## DIRECTIONS FOR THIS TASK
In your copy, include no images and return each entry exactly as written.

## EXERCISE DATA
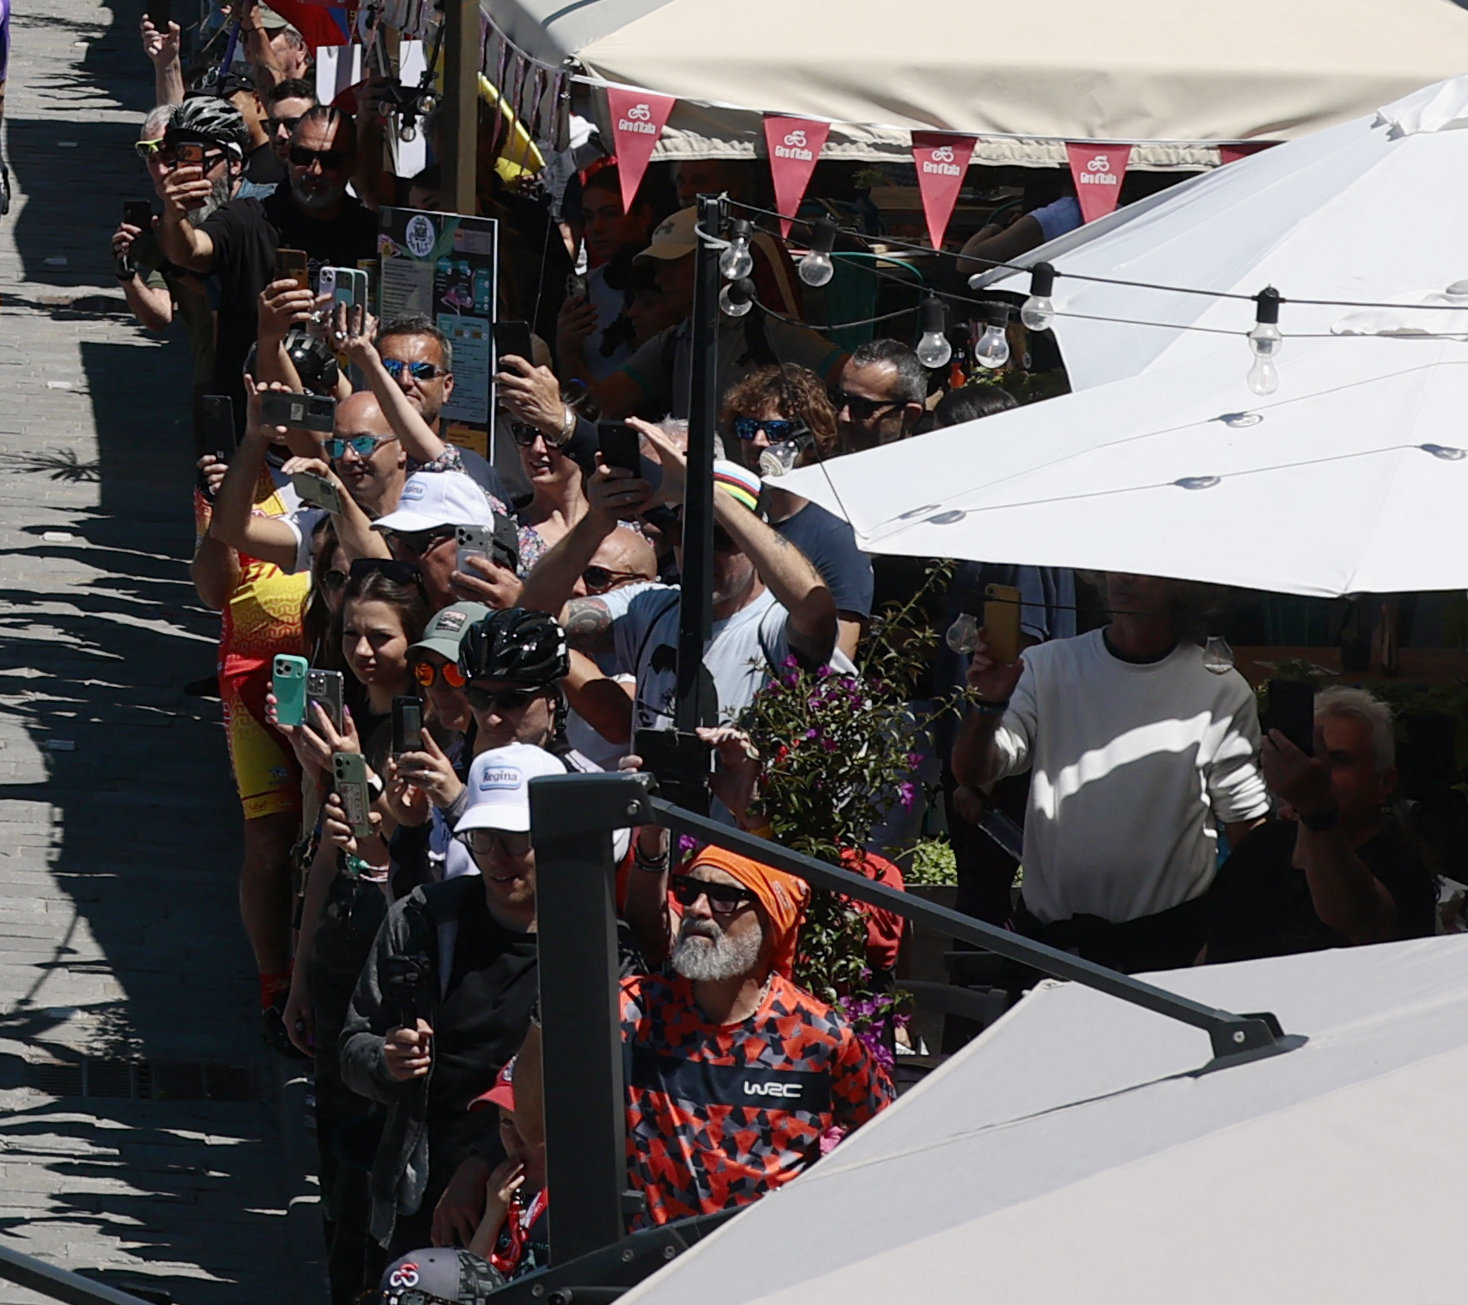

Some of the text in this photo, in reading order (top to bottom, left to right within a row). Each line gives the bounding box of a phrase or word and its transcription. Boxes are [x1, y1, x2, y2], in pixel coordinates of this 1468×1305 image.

[618, 118, 657, 135] Giro d'Italia
[774, 145, 812, 162] Giro d'Italia
[923, 161, 960, 176] Giro d'Italia
[1080, 172, 1117, 185] Giro d'Italia
[482, 765, 518, 784] Regina
[743, 1080, 804, 1098] WRC
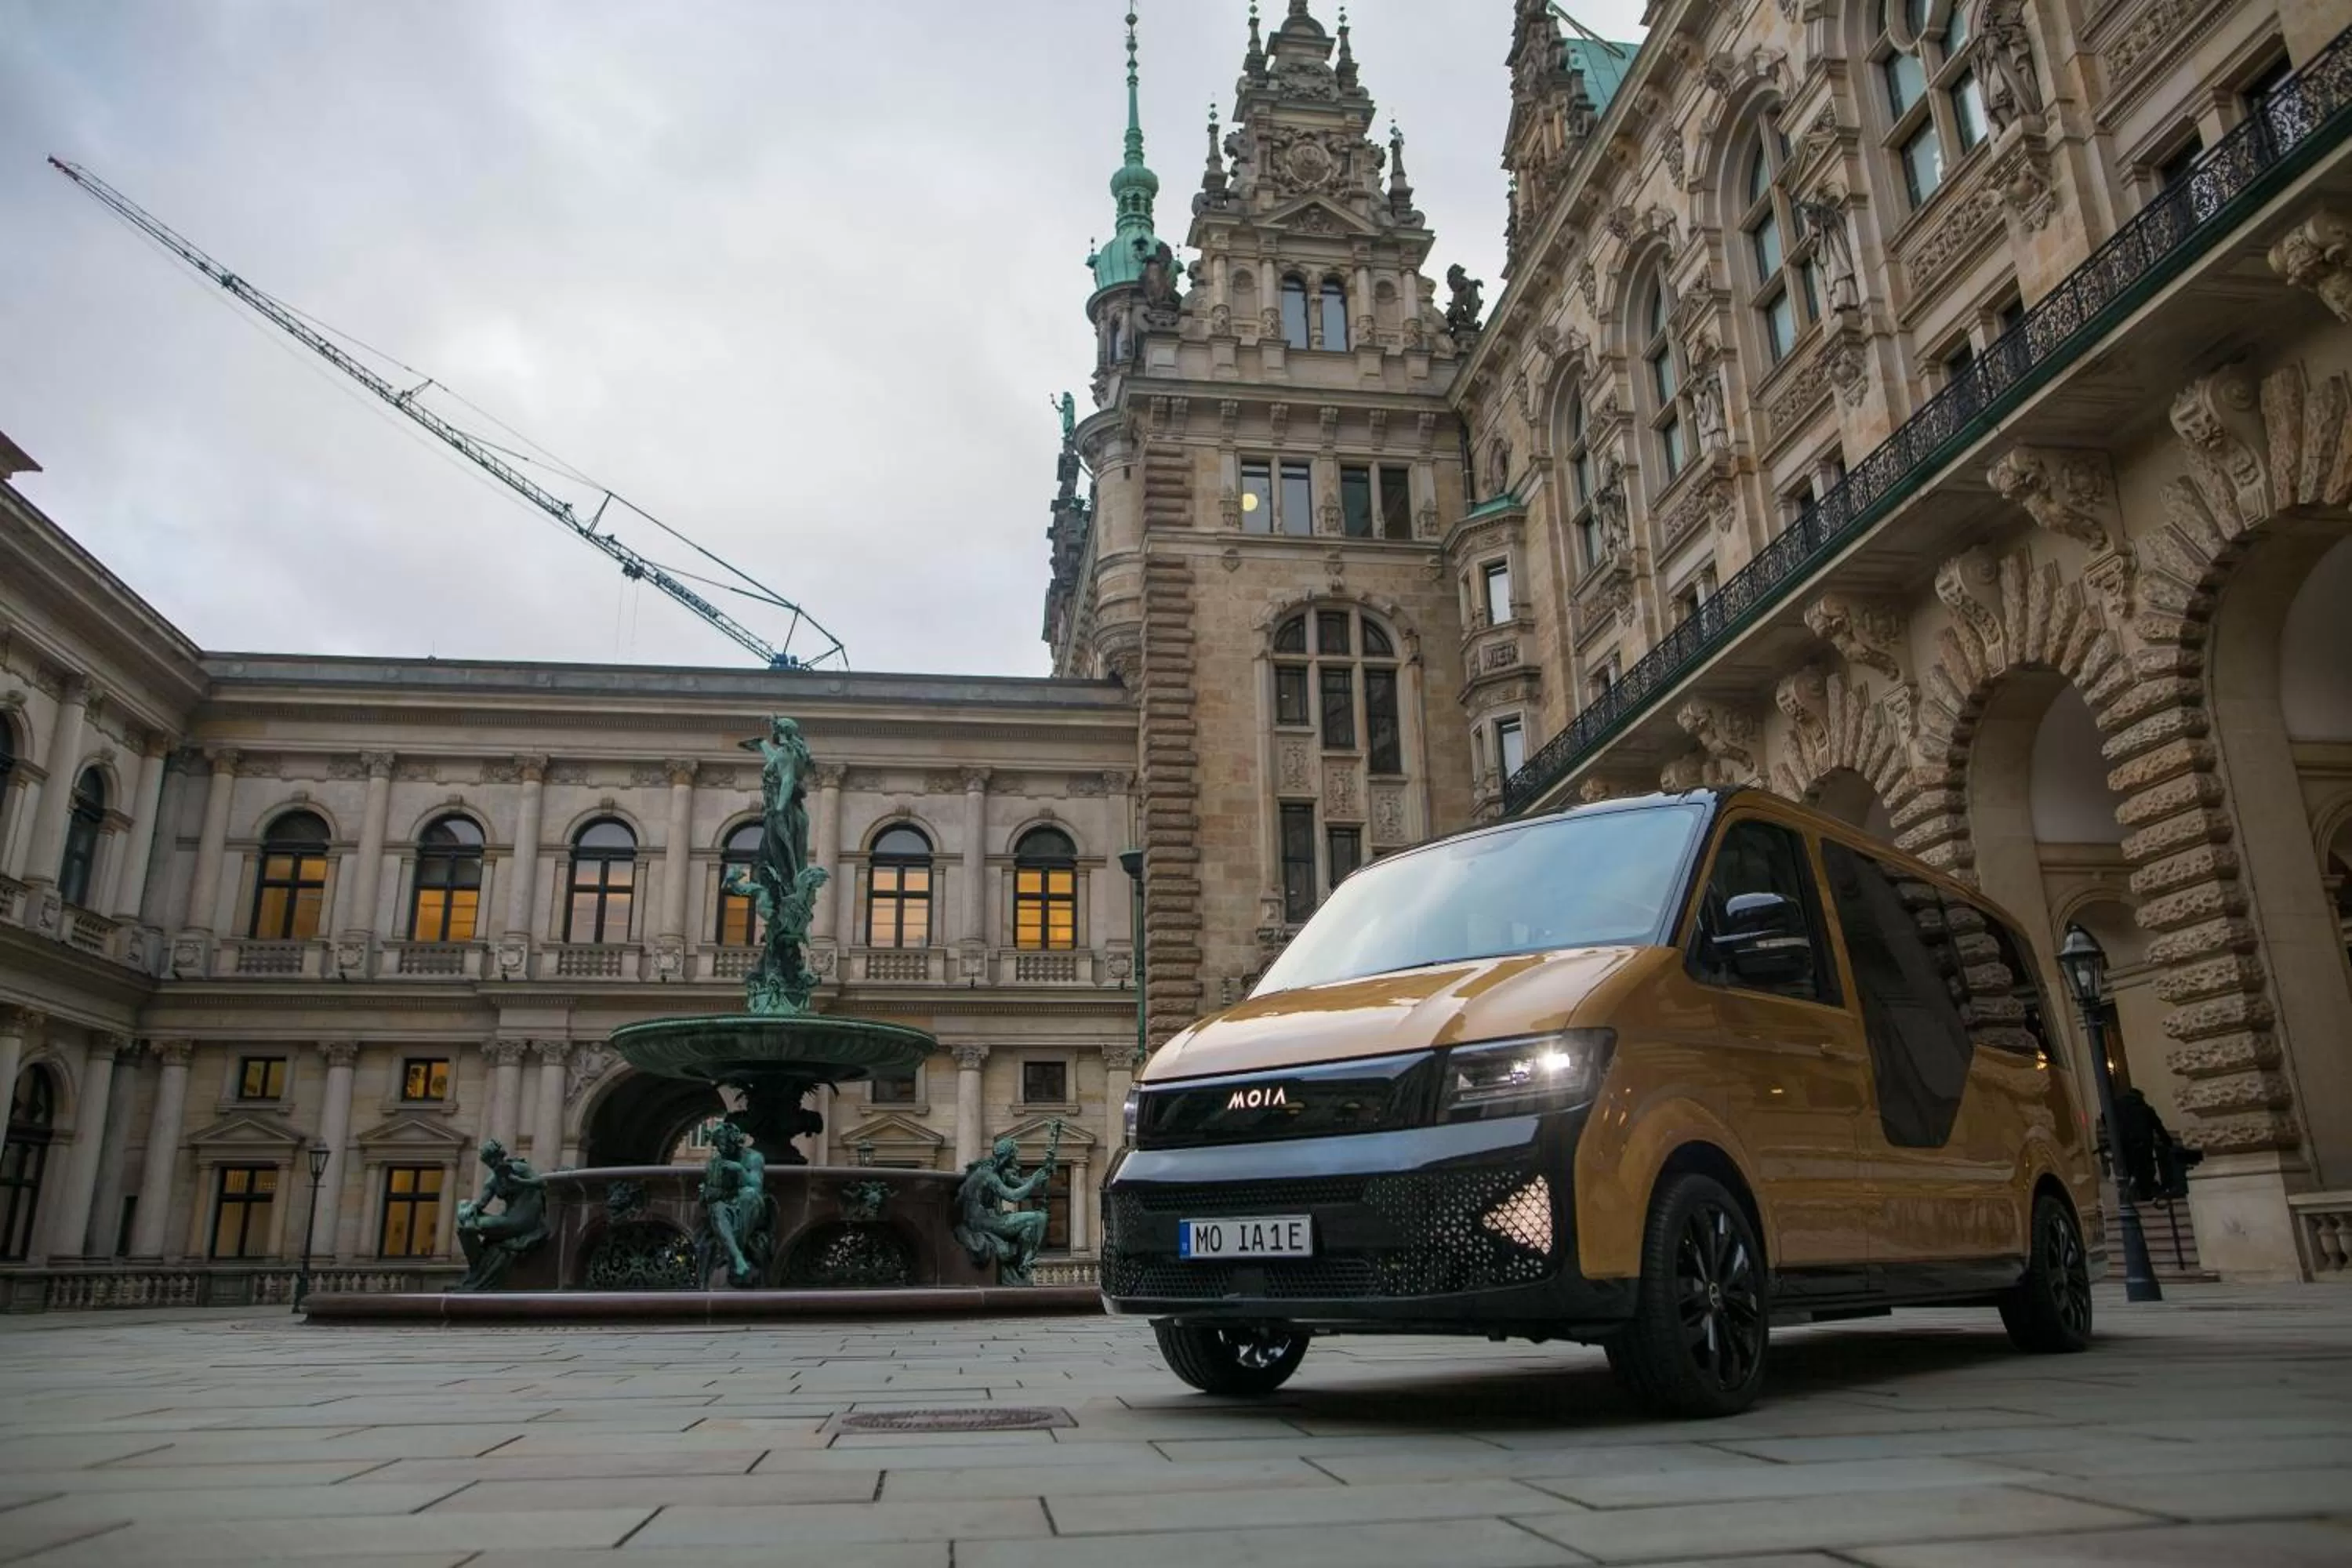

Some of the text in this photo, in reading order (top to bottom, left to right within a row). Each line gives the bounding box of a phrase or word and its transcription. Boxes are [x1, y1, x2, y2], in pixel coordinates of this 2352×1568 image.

[1227, 1086, 1287, 1110] MOIA
[1196, 1223, 1303, 1253] MO IA1E

## ANSWER BELOW
Some of the text in this photo, in reading order (top to bottom, left to right within a row). Each line gives the bounding box of a phrase or word and its transcription. Boxes are [x1, y1, x2, y2], in pixel coordinates of this 1468×1305 image.

[618, 118, 657, 135] Giro d'Italia
[774, 145, 812, 162] Giro d'Italia
[923, 161, 960, 176] Giro d'Italia
[1080, 172, 1117, 185] Giro d'Italia
[482, 765, 518, 784] Regina
[743, 1080, 804, 1098] WRC

Some of the text in this photo, in reading order (top to bottom, left to right within a row). Each line gives the bounding box of a phrase or word and its transcription. Boxes are [x1, y1, x2, y2], in pixel coordinates of this 2352×1568 image.

[1227, 1086, 1287, 1110] MOIA
[1196, 1223, 1303, 1253] MO IA1E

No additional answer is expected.